Discuss any questions and observations that occur to you, taking notes. Do not rule out any kinds of questions and observations from the conversation, even ones that (initially) seem unsuited to Bible study or insufficiently sophisticated.
Look for, and name, patterns that emerge in the questions and observations.
Reconvene and repeat, rereading the notes from last time.
That’s all it takes to have a great Bible study. You don’t need a scholarly guide or a commercially produced book study. You don’t need knowledge of the Greek New Testament or the Hebrew Bible, though those are occasionally useful bonuses to be deployed with tremendous care and caution. You certainly don’t need pre-written questions, whether from a celebrity Christian author or ChatGPT (perish the thought). What you really need is time and space for contemplation. There are no Bible study “tools” that can substitute for that now-threatened resource. The Word of God is living and active, and the modern technological world represents a colossal project of seeking to drown out its voice. Silence the noises, and listen to the Spirit.
Actually, there is one “tool” you do need, and should incorporate into the discussion process after you’ve read the book or section under consideration a few times together. That tool is the rest of the Bible. The whole canon of Scripture is your indispensable guide to understanding each part. Many modern Bibles include a cross-reference system; some of these references are more valuable than others, but figure out which ones are the most fruitful, and read those passages (with their full contexts!) aloud too. Commentaries, too, are useful in this context, because they can point out theological parallels and connections that are too macro-scale to fit into the cross-reference system. But most of all, use your own intuitions developed through reading the Bible: “this bit here sounds awfully like…” is the right instinct to follow. Commentaries and cross-references are really only useful insofar as they build up your own biblical literacy and instincts. Let the different parts of the canon speak to and about one another.

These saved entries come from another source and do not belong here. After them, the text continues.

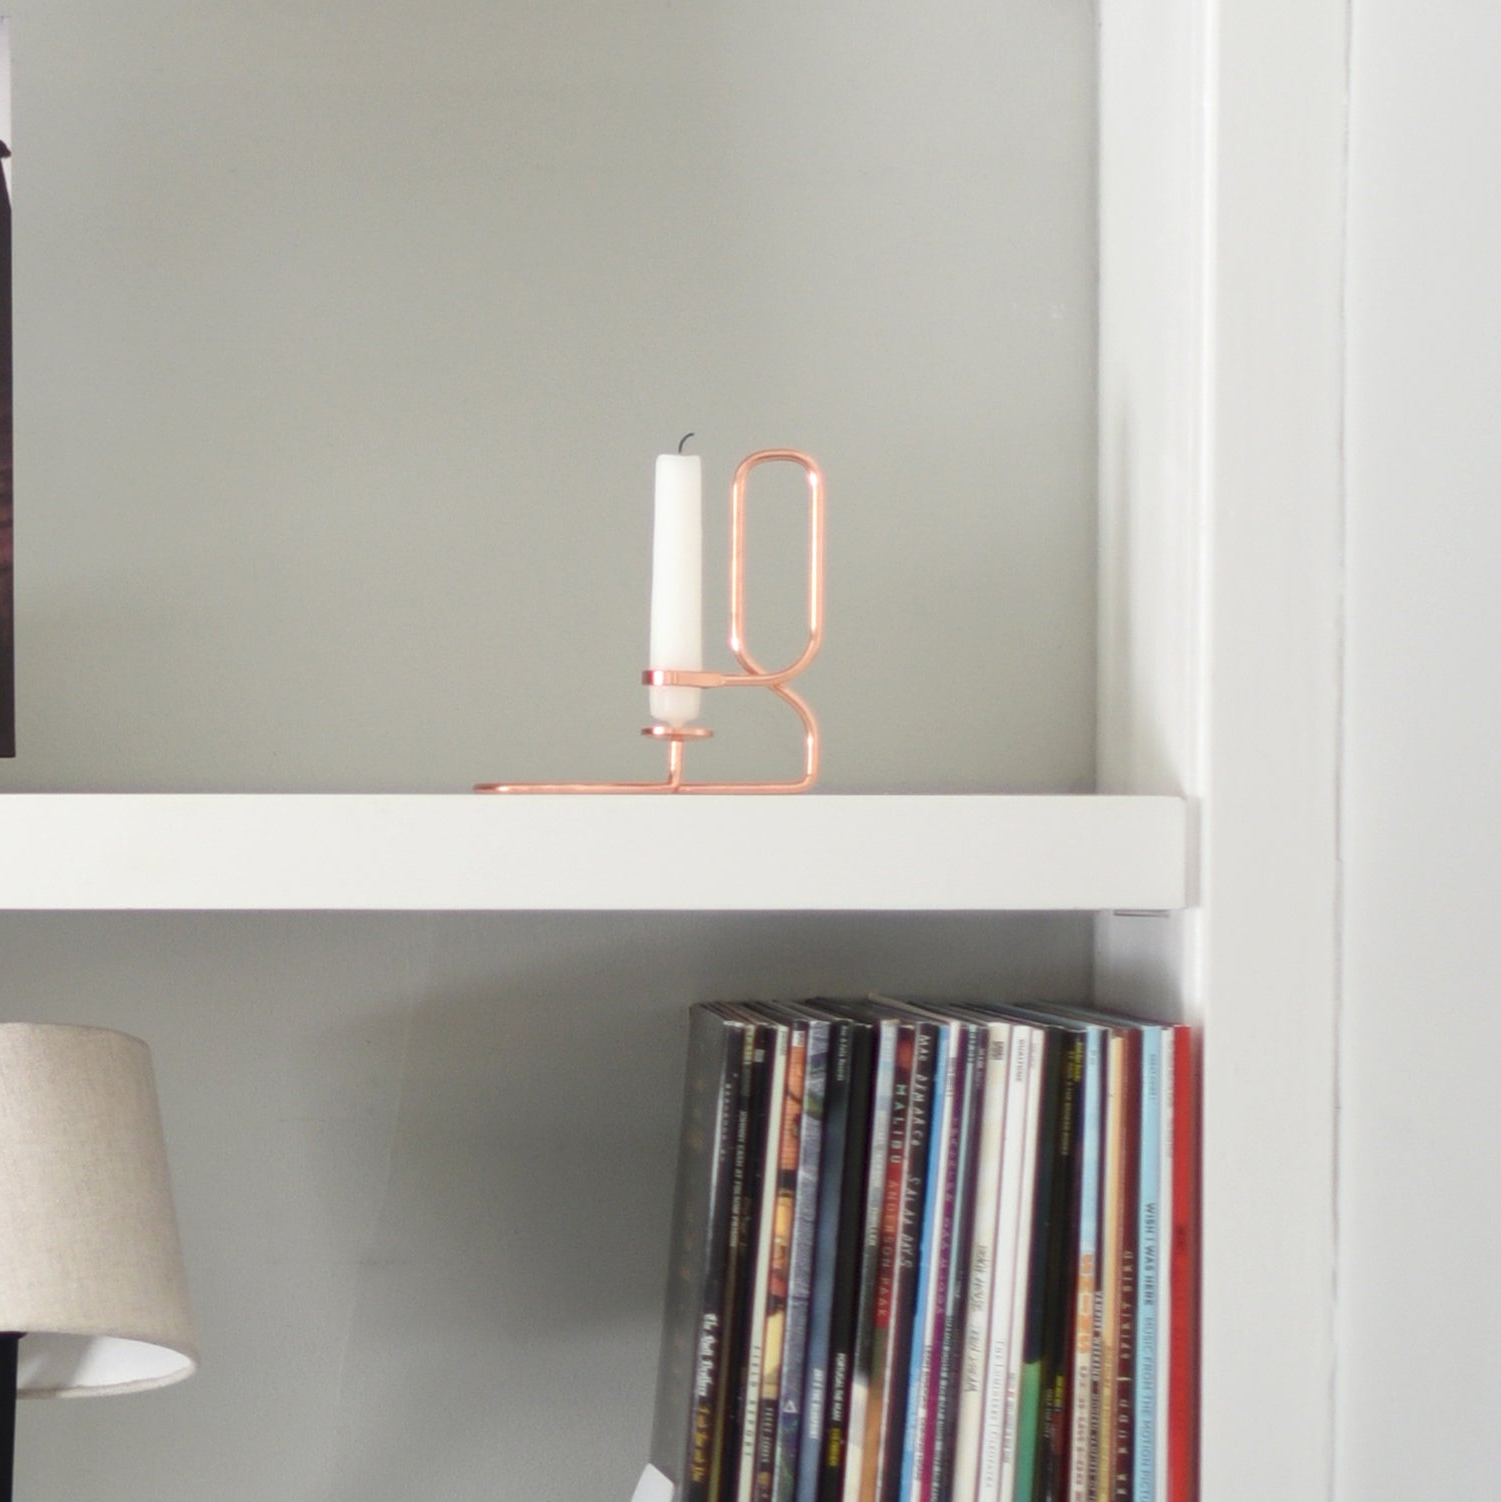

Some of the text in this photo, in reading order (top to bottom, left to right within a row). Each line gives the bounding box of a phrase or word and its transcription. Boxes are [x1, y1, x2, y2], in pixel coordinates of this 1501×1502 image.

[889, 1084, 906, 1163] MALIBU
[880, 1179, 899, 1267] ANDERSON
[1144, 1202, 1155, 1233] WISH
[1144, 1245, 1154, 1271] WAS
[1143, 1275, 1154, 1306] HERE
[1142, 1316, 1153, 1351] MUSIC
[1141, 1356, 1152, 1390] FROM
[1140, 1395, 1151, 1416] THE
[1139, 1419, 1151, 1465] MOTION

And, incidentally, as you do this, don’t worry overmuch about historical questions of whether or not “the writer of Book X knew and was referencing Book Y.” For modern people, these kinds of questions are red herrings that lead us astray from the actual task of understanding the words in the canon. Of course the words emerge from a historical setting. They are still in our Bibles because generations of the faithful following God’s Way realized that these words transcended (without obviating) the particularities of their original historical settings and were speaking to them, with divine import and power, in the divine Now: “as long as it is called ‘Today.'” Rather settle for trusting a) the intentionality of the canon’s later editors and compilers, who definitely knew what they were doing, and b) the divine intentionality of the Spirit of God in guiding the authors, editors, and compilers through that process.